Those dismal numbers don't just mean people in states rejecting Obamacare's Medicaid expansion will be out of luck when it comes to emergency care. And that's in the best of times. In the worst of times like a major terrorist strike, the Institute of Medicine (2006) and a House Oversight and Government Reform Committee study (2008) both warned, the American ER system is woefully unprepared to handle a "predictable surprise" attack on the scale of the 2004 Madrid bombing:
The results of the survey show that none of the hospitals surveyed in the seven cities had sufficient emergency care capacity to respond to an attack generating the number of casualties that occurred in Madrid. The Level I trauma centers surveyed had no room in their emergency rooms to treat a sudden influx of victims. They had virtually no free intensive care unit beds within their hospital complex. And they did not have enough regular inpatient beds to handle the less severely injured victims. The shortage of capacity was particularly acute in Los Angeles and Washington, D.C.
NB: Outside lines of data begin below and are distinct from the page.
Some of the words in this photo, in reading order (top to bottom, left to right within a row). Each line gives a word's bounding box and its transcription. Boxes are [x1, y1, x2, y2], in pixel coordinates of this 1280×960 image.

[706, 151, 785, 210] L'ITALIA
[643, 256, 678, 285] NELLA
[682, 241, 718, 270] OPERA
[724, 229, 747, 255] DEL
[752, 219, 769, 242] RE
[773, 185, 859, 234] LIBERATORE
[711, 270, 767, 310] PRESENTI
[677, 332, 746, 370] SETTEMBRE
Sadly, the shortage of common sense is also particularly acute in Washington, DC. So while the Republicans' water-carriers at places like the CATO Institute declare the Oregon Medicaid study is "throws a stop sign in front of ObamaCare's Medicaid expansion," the bigger picture of America's 50 million uninsured and 84 million underinsured at a time of declining ER capacity instead can only mean only one thing for the Affordable Care Act.
Full speed ahead.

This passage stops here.